Cave surveys carried out in the Santa Maria da Vitória region (southwestern Bahia state, Brazil) have yielded the discovery of two newly identified species of Pseudochthonius, which are described in this study. Additionally, we provide ecological observations for each species, assess potential threats to their habitats, propose directions for future research, and offer a comprehensive key to distinguish the Pseudochthonius species found in Brazil.

MATERIALS AND METHODS

Study area

The species herein described were found within two distinct cave environments located in the municipality of Santa Maria da Vitória, situated in the southwestern part of Bahia state, in northeastern Brazil. The first cave, Gruta do Padre, is a karstic limestone formation extending over 16,400 m, making it one of Brazil’s most extensive cave systems as documented by Rubbioli et al. (2019). This cave is characterized by its intersection with the Santo Antônio river, and it is divided into three distinct stratigraphic levels. Additionally, the river’s course runs through the cave’s lowest stratum, situated approximately 120 m beneath the surface (Figs. 1A, C, 3D).

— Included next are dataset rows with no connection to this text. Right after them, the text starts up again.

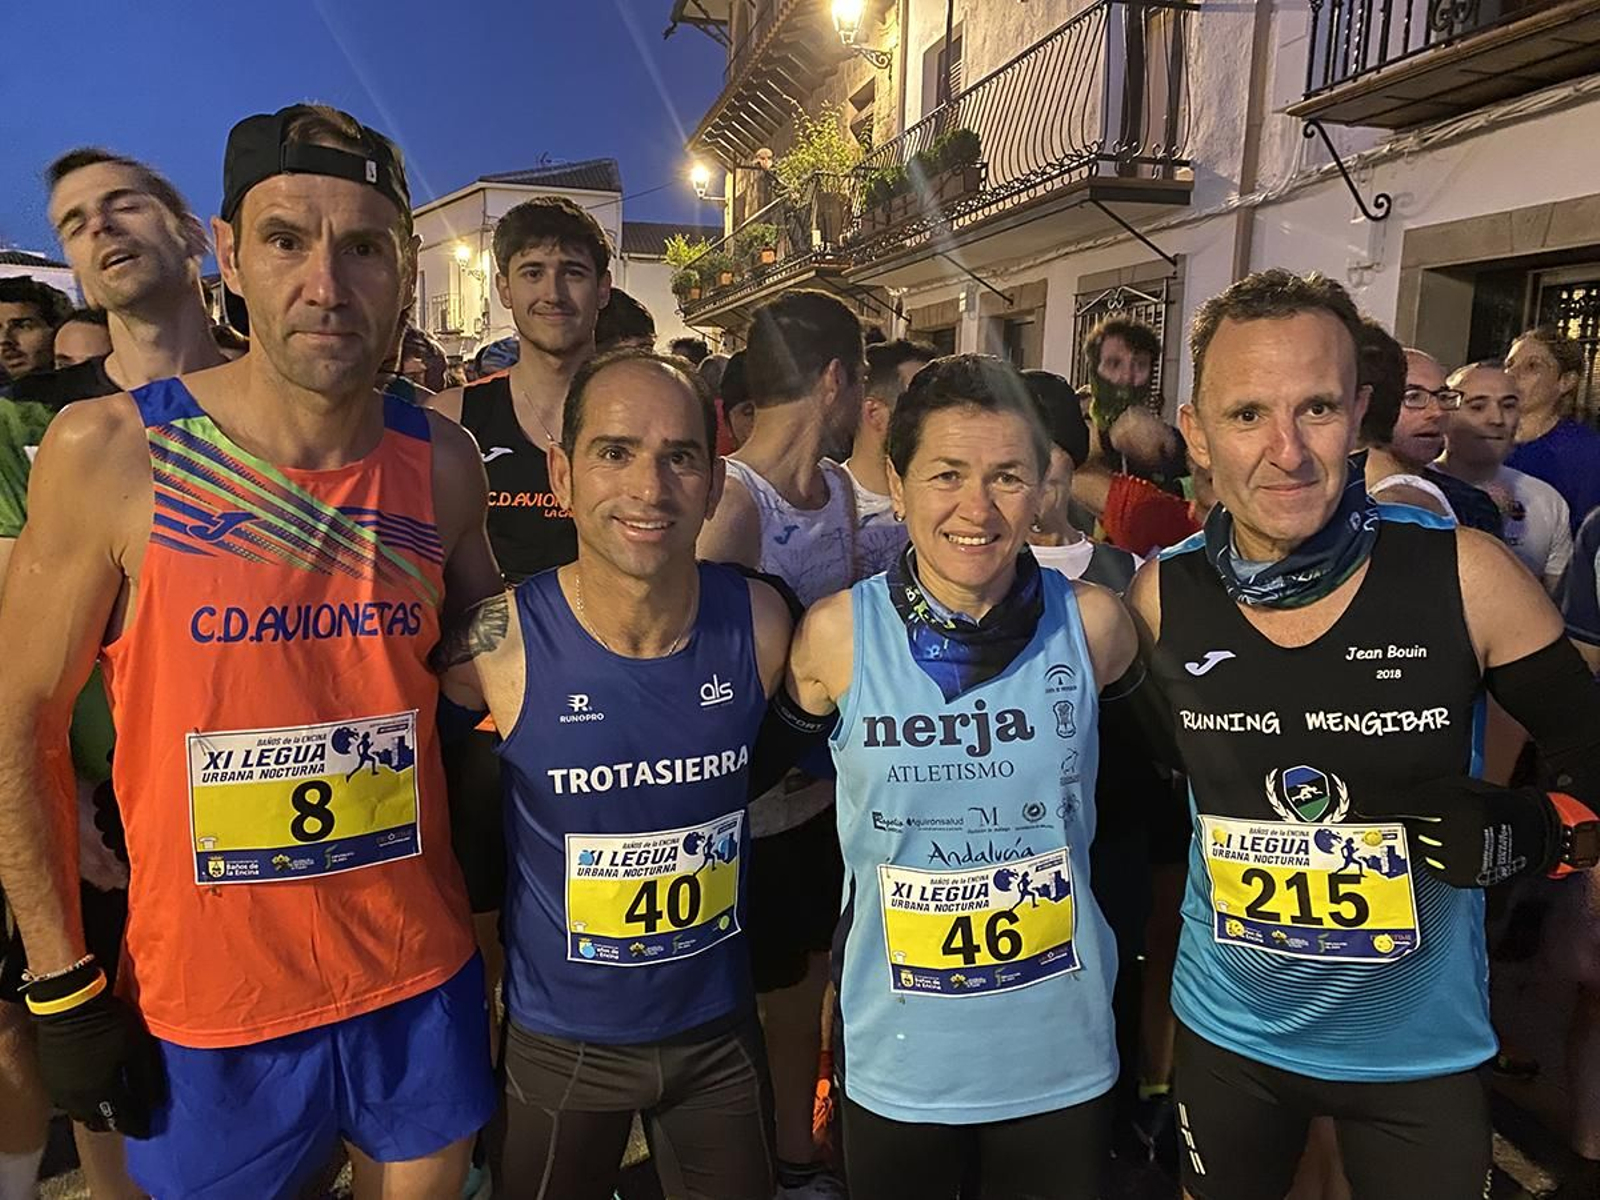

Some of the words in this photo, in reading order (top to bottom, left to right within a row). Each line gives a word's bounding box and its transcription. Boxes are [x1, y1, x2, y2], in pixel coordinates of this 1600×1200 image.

[487, 491, 559, 507] C.D.AVIO
[190, 602, 422, 644] C.D.AVIONETAS
[1345, 646, 1383, 661] Jean
[1387, 644, 1427, 658] Bouin
[1376, 668, 1402, 679] 2018
[559, 712, 605, 723] RUNOPRO
[863, 698, 1035, 758] nerja
[1180, 709, 1281, 735] RUNNING
[1305, 707, 1450, 737] MENGIBAR
[202, 751, 234, 770] XI
[241, 743, 327, 769] LEGUA
[202, 770, 254, 783] URBANA
[259, 763, 325, 780] NOCTURNA
[547, 744, 749, 795] TROTASIERRA
[886, 760, 1015, 783] ATLETISMO
[291, 780, 335, 843] 8
[609, 846, 678, 867] LEGUA
[928, 837, 1036, 867] Andalucía
[1240, 835, 1310, 856] LEGUA
[1212, 847, 1250, 862] URBANA
[1253, 854, 1310, 867] NOCTURNA
[577, 867, 619, 878] URBANA
[622, 863, 677, 878] NOCTURNA
[891, 881, 913, 899] XI
[920, 882, 989, 902] LEGUA
[1241, 867, 1370, 929] 215
[624, 875, 701, 934] 40
[891, 898, 930, 912] URBANA
[934, 899, 990, 912] NOCTURNA
[941, 910, 1023, 966] 46

The second site, Gruta da Pedra Escrevida, also a limestone cave, covers a horizontal distance of approximately 470 m. Its single entrance is positioned at the bottom of a sinkhole (doline) and lies roughly 4 km from Gruta do Padre’s primary entrance and about 2.5 km from its secondary (downstream) entrance. The entrance leads to an upper disphotic chamber, predominantly arid throughout the year, beside which a vertical fissure opens into a large hall decorated with an array of speleothems (Figs. 1A–B, 6A–B).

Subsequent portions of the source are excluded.